2.4.2. Word List Memory Test

Mild cognitive impairment presents as declining cognitive function with no effect on activities of daily living [27]. It is used internationally and has been widely validated for assessing cognitive function. The WLM test used in this study was developed by Millenia corporation as the first Japanese version of the test [28].

The WLM test is based on the 10-word recall test of the psychological test batteries CERAD (Consortium to Establish a Registry for Alzheimer’s Disease) and ADAS-Cog (Alzheimer’s Disease Assessment Scale-cognitive subscale). The objective evaluation of cognitive function is achieved using a specific evaluation protocol and algorithm. First, the examiner said 10 words out loud and the participant repeated these immediately three times. Second, the participant picked up the excluded animal a group of three animals 10 times. Third, without help from the examiner, the participant again repeated the initial 10 words; these were recorded by the examiner.

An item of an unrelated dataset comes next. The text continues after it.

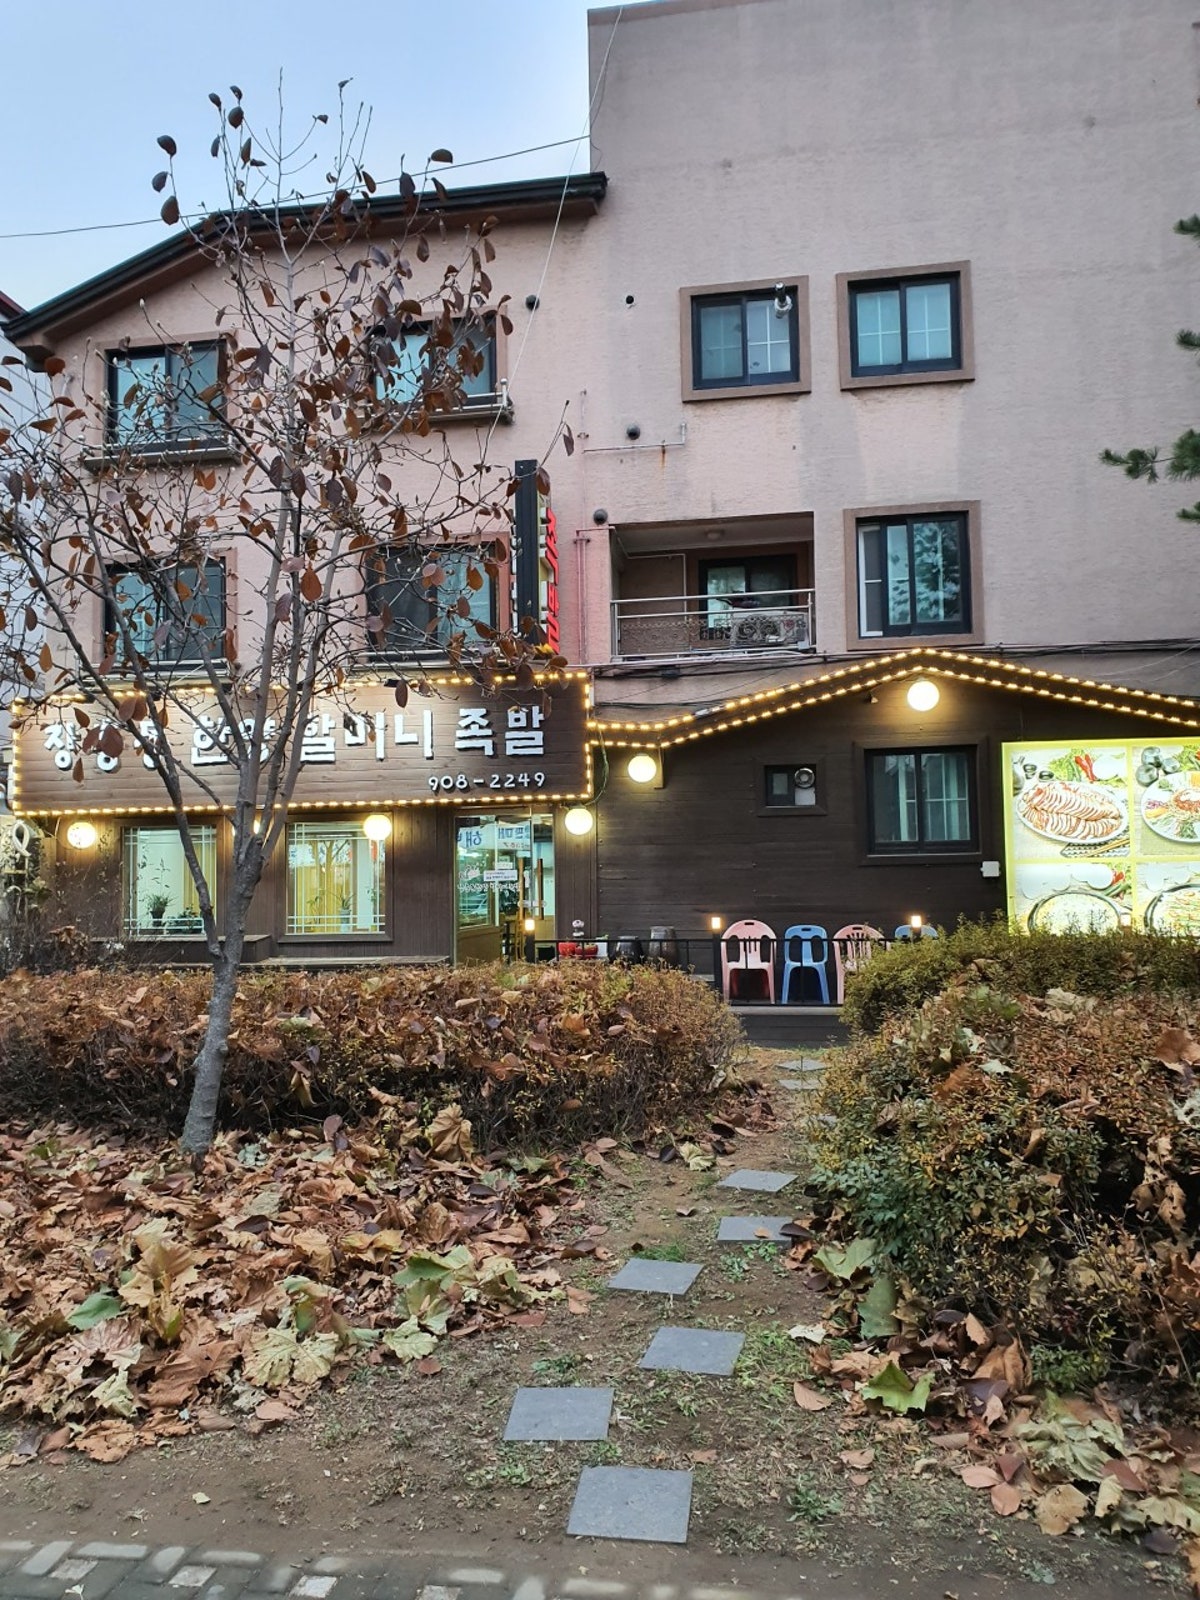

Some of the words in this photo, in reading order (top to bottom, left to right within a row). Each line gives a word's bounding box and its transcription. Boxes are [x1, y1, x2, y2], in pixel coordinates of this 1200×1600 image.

Following a comprehensive assessment, which included the order of the words and answering speed, a memory performance index value for the participant was calculated based on parameters including his or her sex, age, years of learning, ethnicity, and response to the test using algorithms and databases. The resultant patterns were compared with those of participants of the same age and demographic characteristics for the objective evaluation. Testing at week 0 did not affect the test at 4 weeks because the words in the two tests were completely different.

2.4.3. Standard Verbal Paired Associate Learning Test

The S-PA test was developed by the Japan Advanced Brain Dysfunction Society to assess linguistic memory. It comprises 10 pairs of related or unrelated words that are presented to the participant. The examiner read a combination of 10 semantically related words or 10 irrelevant words with no semantic relation, which were memorized by the subject. Next, the examiner presented the first word, and the subject answered with the pair of the word orally. The number of correct answers was scored using a combination sheet of related/unrelated words, and the subjects were tested at weeks 0 and 4. The same set of 10 pairs was used in three trials and the score on the final trial was taken as the outcome measure. Testing at week 0 did not affect the test at 4 weeks because the presentation was completely different.

2.4.4. Measurement of Quality of Life

We used the second Japanese version of SF-36^® (iHope International), which has been demonstrated to be reliable and validated [29]. This includes measures of health-related quality of life that can measure subjective outcomes. The PCS, MCS, and RCS scores in this scale were measured at weeks 0 and 4.

2.5. Statistical Analyses

The statistical analyses were performed using the medical statistical software STAT Mate III. Data are presented as the mean ± standard deviation (SD). Intragroup comparisons were conducted using the Wilcoxon signed-rank test, with a significance level of 0.05. Correlations between the changes in GM-BHQ and FA-BHQ scores between weeks 0 and 4 and the changes in language cognitive functional scores were evaluated by Spearman’s rank analysis, using the mean changes in each secondary outcome score. The correlation coefficients were interpreted as follows: <0.2, no correlation; 0.2–0.4, weak correlation; 0.4–0.7, moderate correlation; and 0.7–1.0 strong correlation.

3. Results

3.1. Overall Outcomes

During the study period, one participant discontinued the study as he was unable to arrive at the hospital because of a personal reason. We were unable to assess the S-PA score for five participants because of a lack of time due to their work commitments; however, they completed all the remaining examinations. Thus, the total number of participants was 29, with 24 undergoing the S-PA test according to the protocol (Table 1). No adverse events were observed during the study period.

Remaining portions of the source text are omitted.